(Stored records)

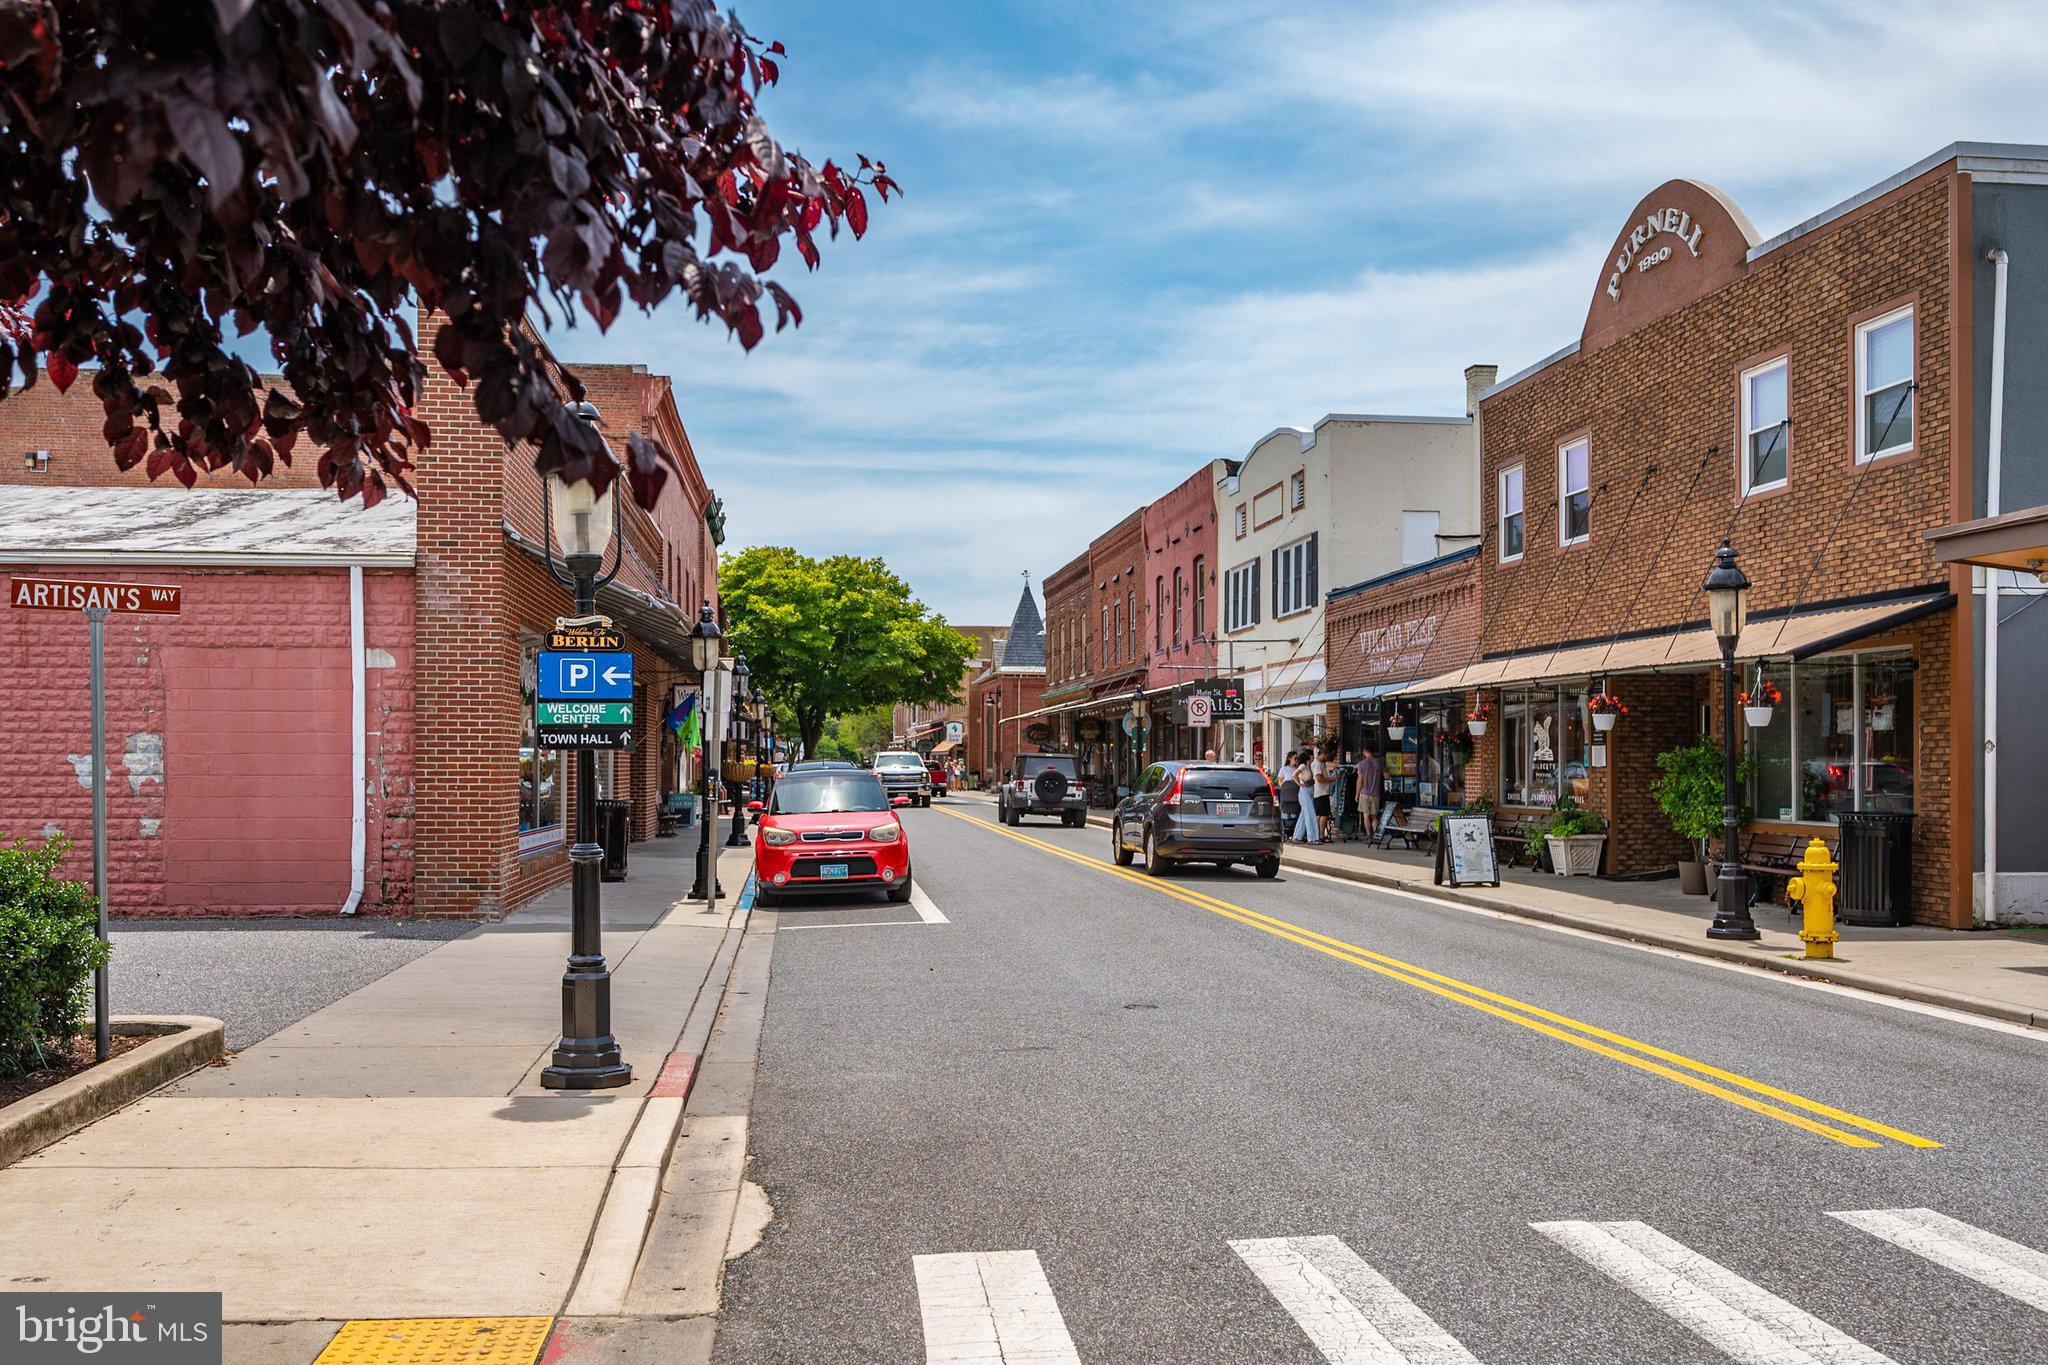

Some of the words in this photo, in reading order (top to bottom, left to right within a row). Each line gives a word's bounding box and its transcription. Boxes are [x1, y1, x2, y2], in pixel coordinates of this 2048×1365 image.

[1606, 207, 1704, 302] PURNELL
[1637, 246, 1672, 273] 1990
[16, 583, 141, 611] ARTISAN'S
[151, 589, 176, 602] WAY
[552, 634, 619, 647] BERLIN
[1360, 623, 1402, 655] VIKING
[570, 664, 589, 687] P
[547, 704, 607, 713] WELCOME
[553, 714, 600, 723] CENTER
[541, 734, 577, 744] TOWN
[580, 734, 612, 744] HALL
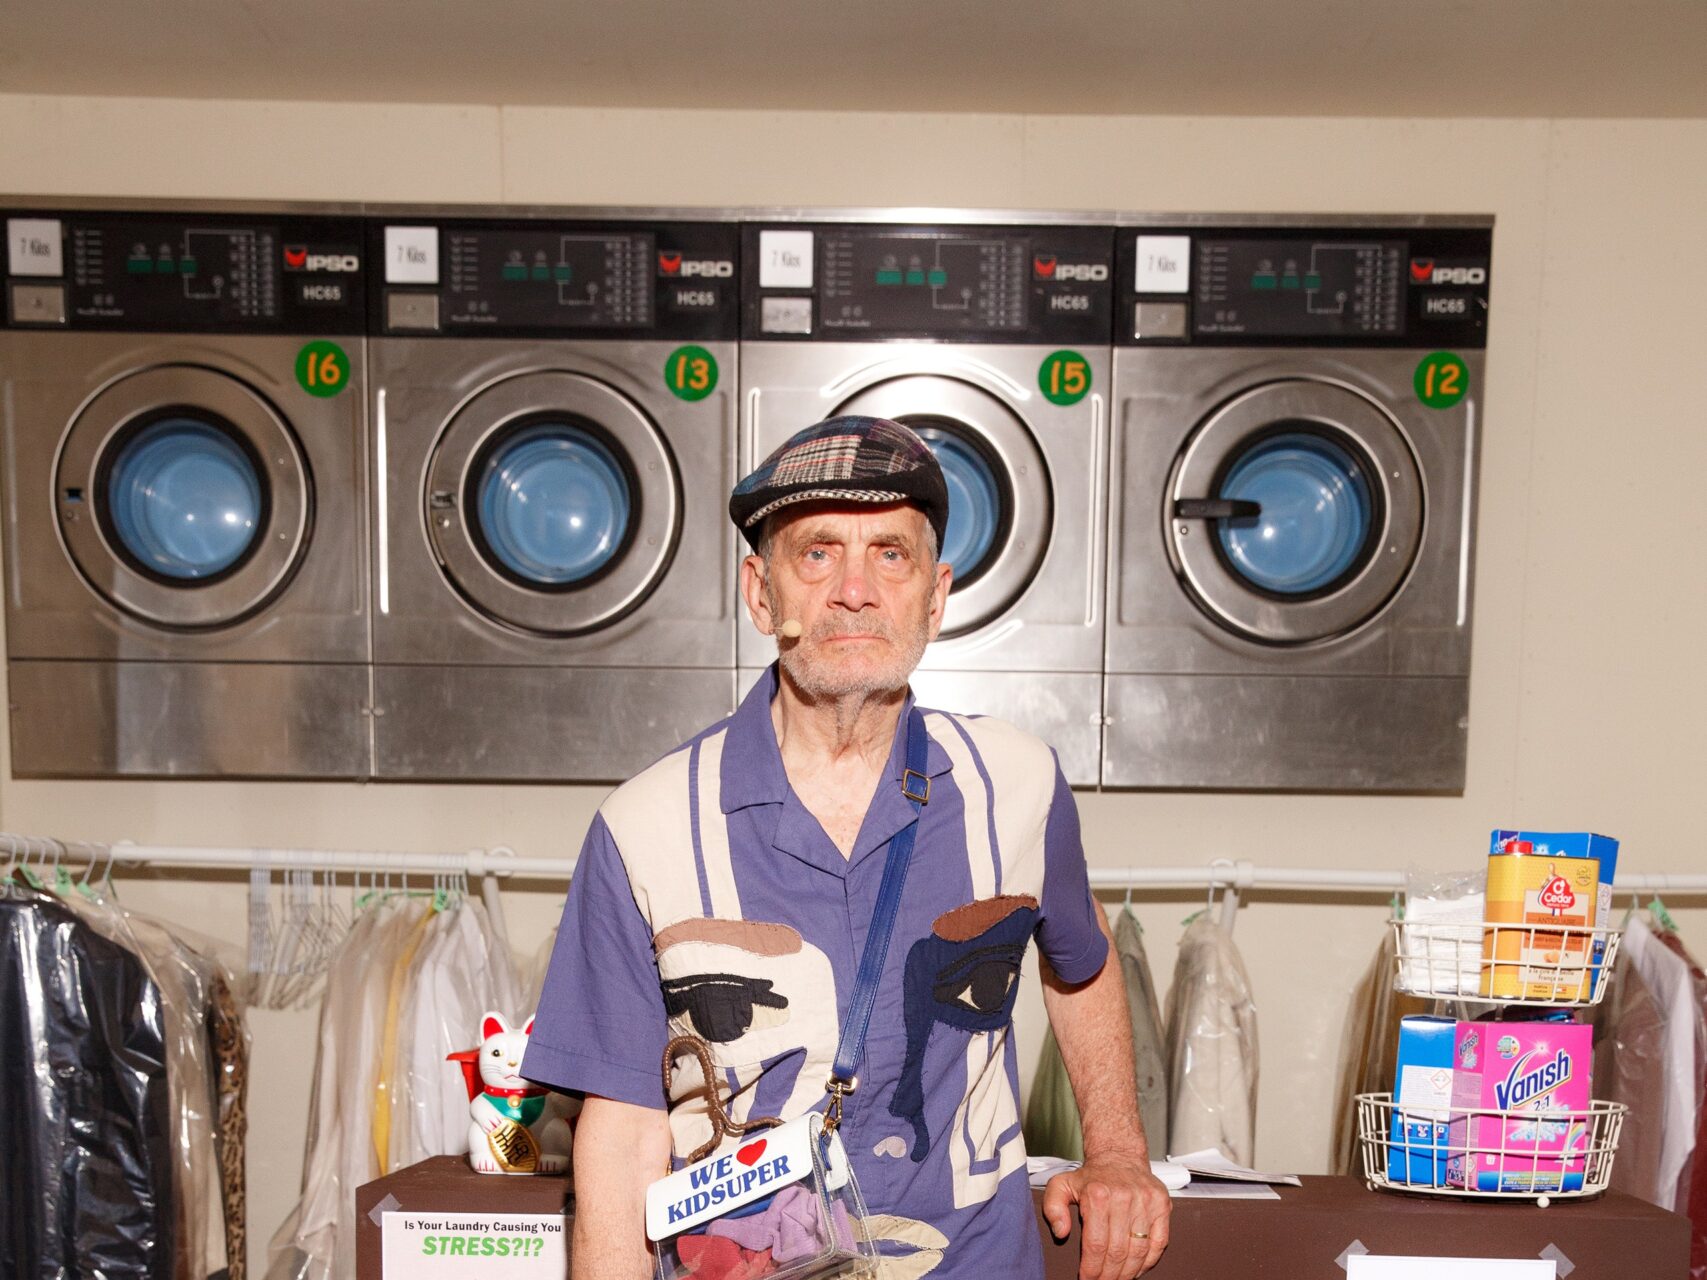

Requirement:
The response should contain every record above exactly as written, and none of the pictures.

Response:
Some of the words in this photo, in reading order (top to bottom, left to right within a row). Each line gives a word's bounding box and its transcription. Boxes are [x1, y1, x2, y2], in pixel coordinates of this 2048×1365 image.

[1606, 207, 1704, 302] PURNELL
[1637, 246, 1672, 273] 1990
[16, 583, 141, 611] ARTISAN'S
[151, 589, 176, 602] WAY
[552, 634, 619, 647] BERLIN
[1360, 623, 1402, 655] VIKING
[570, 664, 589, 687] P
[547, 704, 607, 713] WELCOME
[553, 714, 600, 723] CENTER
[541, 734, 577, 744] TOWN
[580, 734, 612, 744] HALL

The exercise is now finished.